Frantic Newsrooms Lead The Way On Convergence
January 08, 2009
Newsrooms are in a process of converging mediums to shared resources. Companies can learn much from this convergence in their efforts to build a social media communications triage center.
Where once public relations, marketing and customer support were dispirit, companies may learn from the newsroom convergence and bring once separate departments together.
Dell has already taken these steps, in January 2008 - Dell’s Corporate Communications team become “Communities, Conversations and Communications.” The Dell Community Forums and Online Community Outreach are brought in with the Communications team. Customer service, corporate communications, and elements of product management come together in one department.

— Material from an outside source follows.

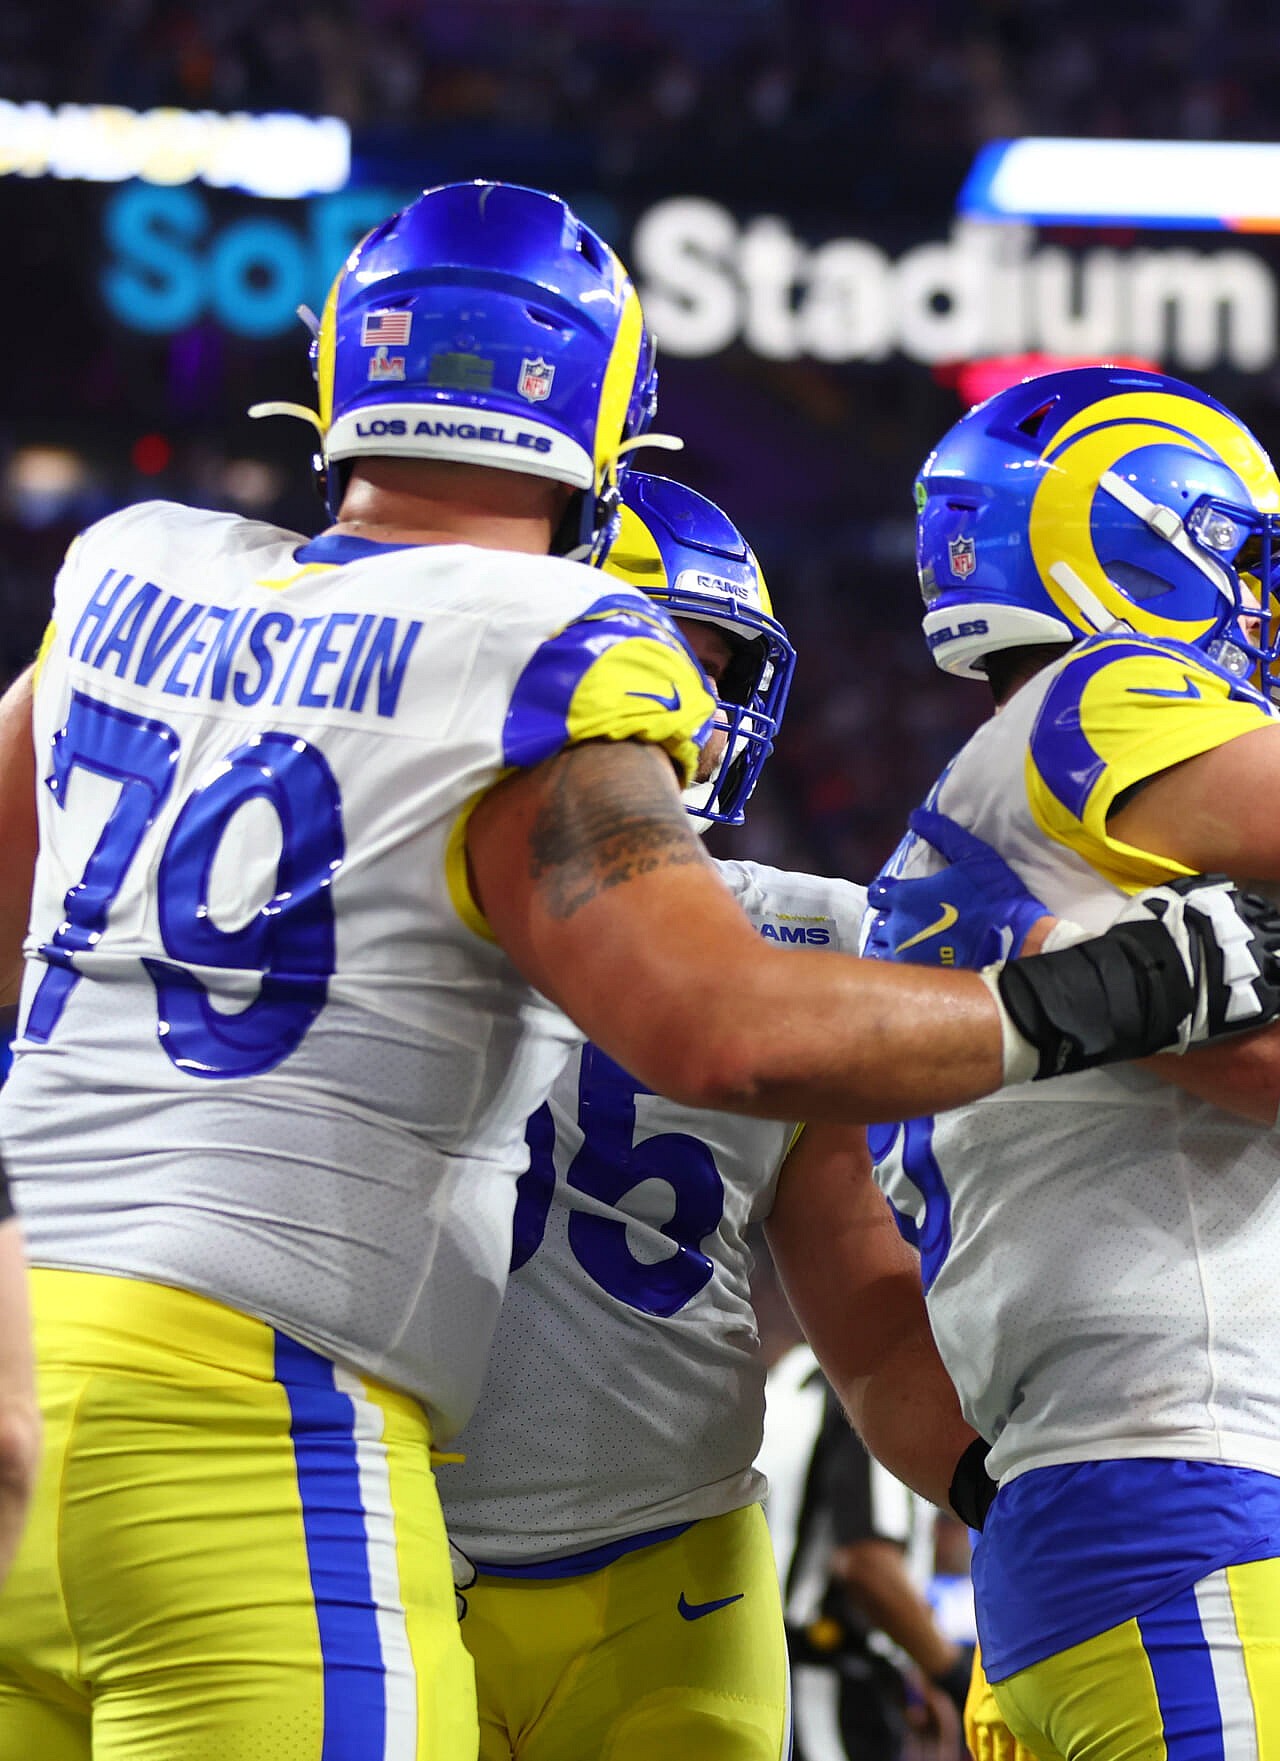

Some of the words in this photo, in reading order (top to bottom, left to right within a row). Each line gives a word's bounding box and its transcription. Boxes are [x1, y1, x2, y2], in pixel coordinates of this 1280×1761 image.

I am not sure which industry was the first to converge, the corporate world or journalism, but my sense is that the world of journalism has a better movement for the process of convergence. Why, because journalism deals with stories and different medium, while different departments in companies are dealing with communications, customer support and product management. Journalists have an advantage over companies in the world of convergence they share a profession. Companies have more cultural barriers to overcome, the distinction between professions, even if all converging professions serve the same customer.
Recently I was looking at the discussion around the Kent State converged newsroom, and effort to bring together all different media in one room. I was thinking that just as journalism can learn from companies’ use of semantic technologies does the converged newsroom give companies a roadmap for bringing all communications elements together in a company? What are your thoughts on this parallel convergence of media across industries?